Penalty kill plans breached

RYAN PYETTE -- London Free Press

, Last Updated: 9:23 AM ET

GUELPH -- No one is surprised the London Knights have the most productive powerplay in the OHL.

It's been like that for a handful of years now.

But before allowing a second-period tally yesterday in Guelph, the Knights had killed 33 straight penalties dating back to Oct. 24 at Kitchener to rocket to the top of the league in the other vital special teams category.

The refurbished penalty kill was a focal point for London head coach Dale Hunter after watching opposition power-play goals water down the impact of his own team's magic with the man advantage in the first month of the season.

"A while back, we were down in 17th place for penalty kills (in a 20-team league) so we wanted to tweak it and let (Knights assistant coach) Todd Bidner look at it with another set of eyes," Hunter said. "He watches film and picks out what the other team's doing on the powerplay against us. The way it's set up right now, I'm more like a head football coach and he's my defensive co-ordinator trying to shut out the other team."

The London players designated to kill penalties hasn't changed but the approach has been refined. For instance, the Knights shut down Kitchener's power play on Friday night by using the unorthodox method of rushing a defenceman out to the blue line to check the puck carrier.

"You're trying to take away time and space," London forward and penalty killer Josh Beaulieu said. "That's the key and how we approach it depends on how teams set up their powerplay against us. We thought using the defenceman would work against Kitchener. But the basics are you have to work hard for your minute out there and then get off but you have to work smart. When one guy is pursuing the puck, the other three have their sticks in the passing lanes."

The threat of falling down two men has changed the way London and all hockey teams approach playing while on the penalty kill.

"It's the way the refs are calling it now and I tell my guys to be disciplined -- to not take penalties when we're down a man," Hunter said. "You go down five-on-three and the odds of them scoring go up -- probably over (50 per cent). They're going to get quality chances and then, your goalie has to be good."

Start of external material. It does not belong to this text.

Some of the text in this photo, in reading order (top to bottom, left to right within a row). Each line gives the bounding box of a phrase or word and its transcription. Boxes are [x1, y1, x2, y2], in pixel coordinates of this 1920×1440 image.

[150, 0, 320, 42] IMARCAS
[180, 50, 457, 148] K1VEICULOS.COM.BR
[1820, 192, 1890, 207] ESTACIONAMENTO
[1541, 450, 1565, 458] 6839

London's penalty killers make a conscious effort to control their sticks and the aggressive play and even try to draw penalties to eliminate the opposing powerplay.

"All you can really hack and whack at anymore is the puck and sometimes that's tough," Beaulieu said. "It's changed because of the way it's called but once you realize that and adjust to it, it's all right."

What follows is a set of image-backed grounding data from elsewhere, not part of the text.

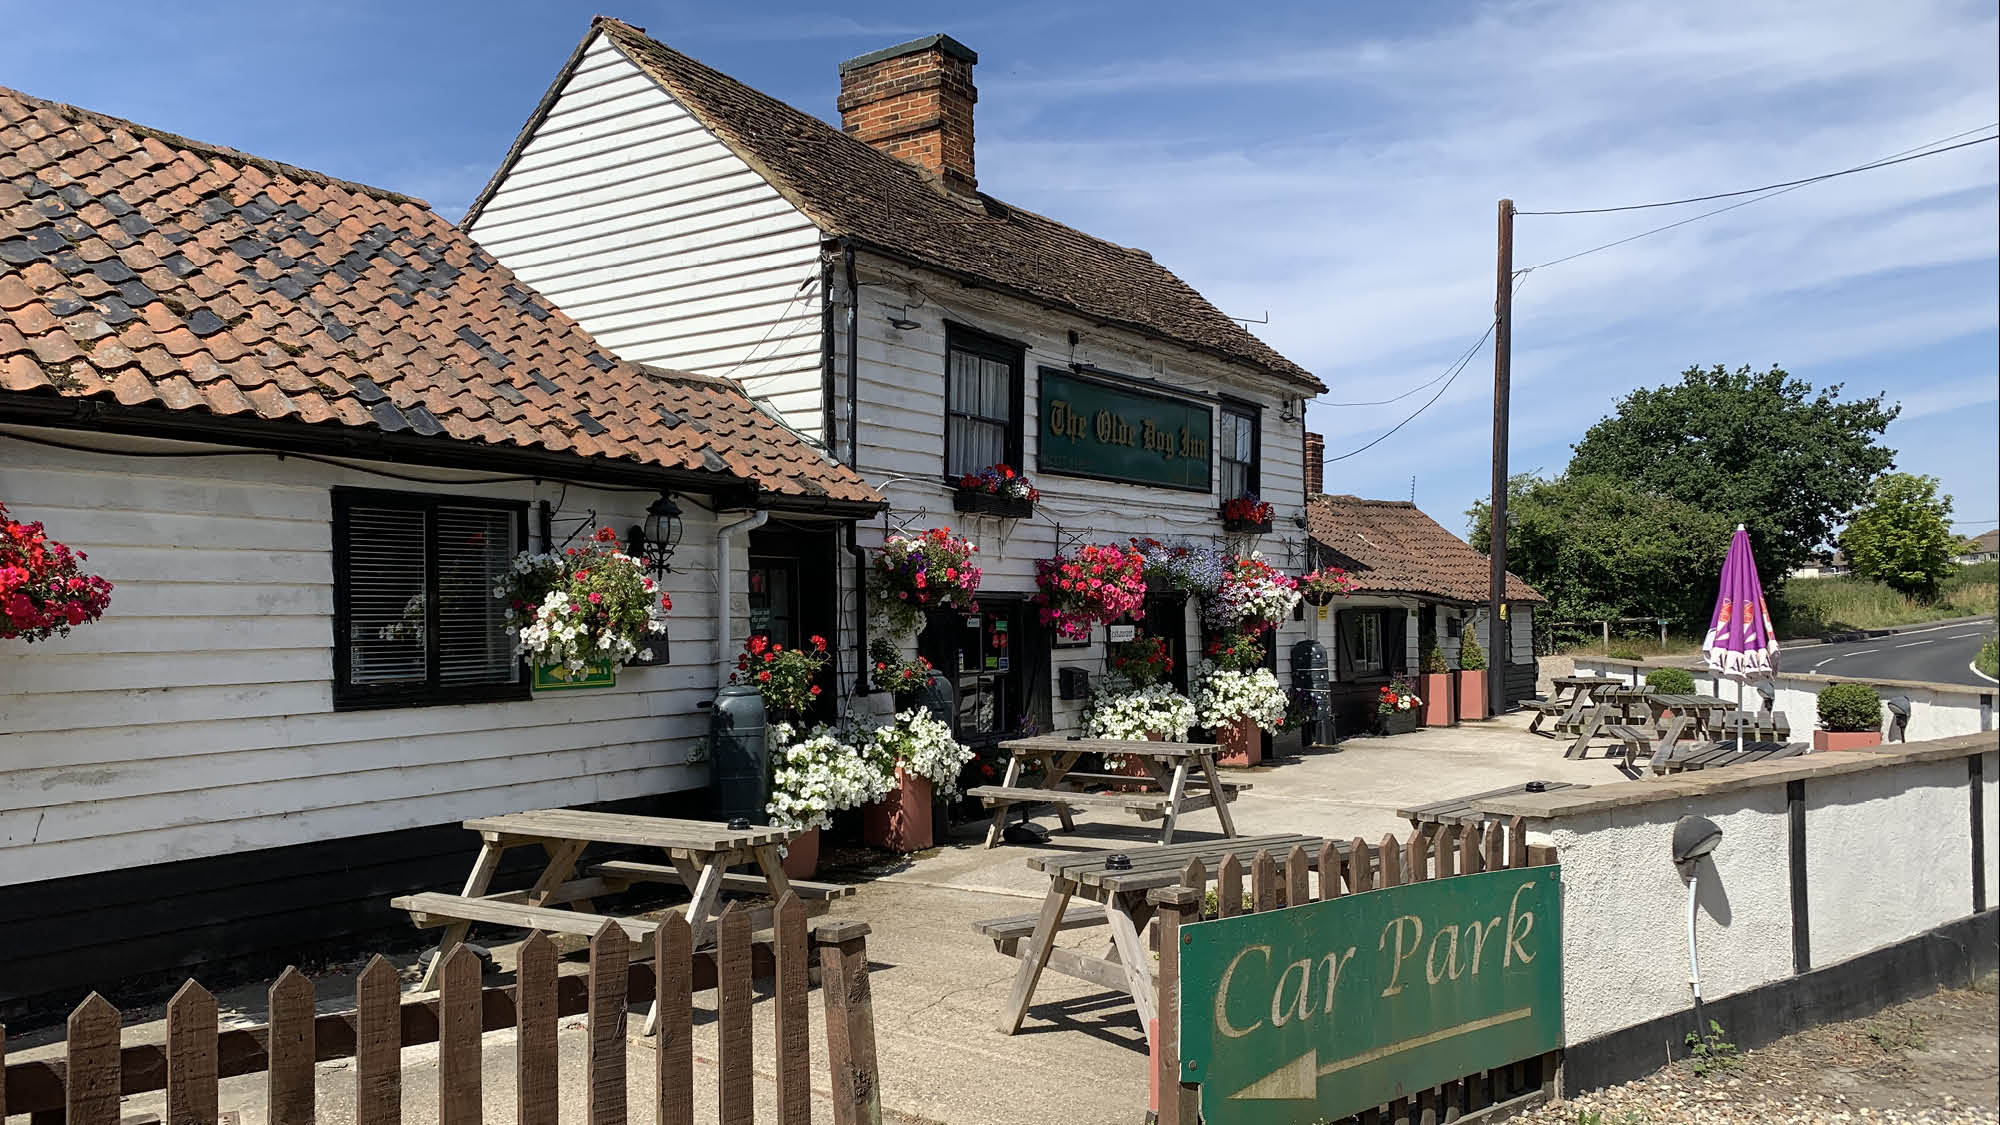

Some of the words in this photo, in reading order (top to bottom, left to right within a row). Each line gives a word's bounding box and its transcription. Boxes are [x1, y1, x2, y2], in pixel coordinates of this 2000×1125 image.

[1051, 401, 1087, 444] The
[1097, 408, 1136, 447] Olde
[1144, 419, 1174, 460] Dog
[1179, 428, 1208, 461] Inn
[1215, 944, 1356, 1039] Car
[1378, 880, 1537, 998] Park

Beaulieu admits the benefit of practising against the best power-play unit in the league -- their own -- isn't an aspect that should be overlooked.

Hunter also sees value in using veteran players who don't always see power-play time as key penalty killers. "I try not to have the same guys but there is some overlap," he said. "It's a big part of the game -- powerplay and penalty kill -- and you want to be good at it. You have to work at it."

There's a simple formula that has worked for London the past few years and it was evident yesterday. The Knights scored two power-play goals, surrendered one, and left a tough Guelph rink with a victory.